All-D-peptides realize the purely thermodynamic anti-prionic mode of action for protein-misfolding diseases
Dieter Willbold
Director, Forschungszentrum Jülich
Neurodegenerative protein-misfolding diseases, like Alzheimer’s (AD) and Parkinson’s disease (PD), are driven by prion-like self-replicating and propagating protein assemblies of Aβ, α-synuclein, and many more. The conformation that these proteins have in their aggregated state is thermodynamically more stable than their physiological monomer conformation, which is often intrinsically disordered. Therefore, we have developed all-D-enantiomeric peptide ligands that bind the monomeric protein of interest with high affinity, thereby stabilizing the physiological intrinsically disordered monomer structure by the free binding energy. These ligands are eliminating already existing aggregates by disassembling them into monomers. This purely thermodynamic driven mode of action is truly “anti-prionic”, because it is eliminating already existing oligomers and fibrils, thus disrupting prion-like replication and propagation of toxic protein aggregates.
I will summarize the current progress in realizing the anti-prionic MoA for the target proteins α-synuclein and Aβ.
Briefly, the all-D-enantiomeric ligand for α-synuclein, SVD-1, was discovered by mirror image phage display against the synthetic full-length α-synuclein monomers. A slightly optimized version, SVD-1a, disassembled preformed α-synuclein fibrils (PFF) as shown by AFM and DLS. SPR and NMR demonstrated picomolar affinity of SVD-1a to α-synuclein monomers, while keeping α-synuclein monomers in their physiological IDP conformation. This is essential for their roles in cellular function and signaling.

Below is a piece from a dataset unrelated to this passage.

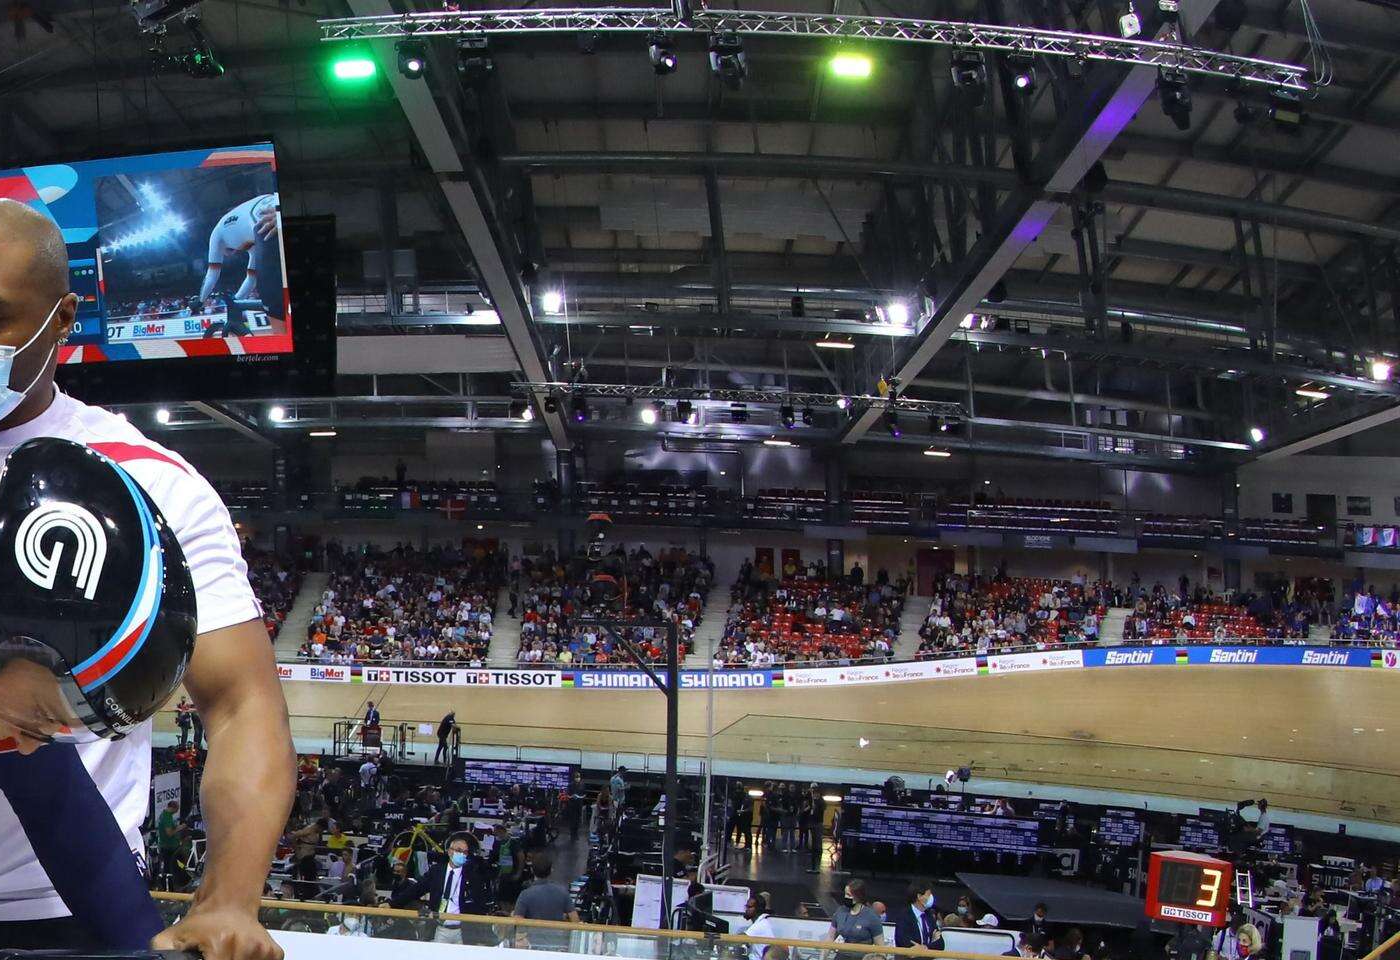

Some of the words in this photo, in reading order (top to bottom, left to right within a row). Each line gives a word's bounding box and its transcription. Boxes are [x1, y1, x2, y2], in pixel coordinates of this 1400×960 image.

The all-D-enantiomeric ligand for Aβ, RD2, demonstrated ex vivo target engagement and disassembled Aβ oligomers obtained from brain tissue of former AD patients. The observed kinetic of this oligomer disassembly reaction resembles that of chaperone, indicating that RD2 acts catalytically. A clinical phase Ib, double-bind, placebo-controlled study with mild cognitively impaired (MCI) due to AD and mild AD patients treated once daily orally with RD2 or placebo for 4 weeks with an additional 4 weeks follow up period has been finished. I will present the results of this study, especially on good safety and tolerability, which are valuable information for the scheduled phase II study.
Conclusion: The promsing and unique anti-prionic mode of action for the treatment of AD, PD and other protein misfolding diseases is realized by all-D-peptides.
Dieter Willbold studied biochemistry in Tübingen (Germany), Bayreuth (Germany) and Boulder (Colorado, USA). He completed his PhD in 1994 at the University of Bayreuth. After some more years in Bayreuth and a couple of research visits, e.g. at the Sackler School of Medicine of the Tel-Aviv University, he was leading his junior research group at the Institute for Molecular Biotechnology in Jena, Germany. In 2001 Willbold became an associate Professor at the Heinrich Heine University in Düsseldorf. Since 2004, he is Full Professor at the Institute of Physical Biology in Düsseldorf and Director of the Institute of Complex Systems at the Forschungszentrum Jülich. His main interests are protein interactions with physiological and artificial ligands, high resolution structural biology, neurodegeneration, neuropathic pain and autophagy. Since quite some years, Willbold is very much engaged in drug development based on all-D-peptides for Alzheimer’s and other neurodegenerative diseases, and has co-founded the companies Priavoid and attyloid in 2017 and 2018, respectively.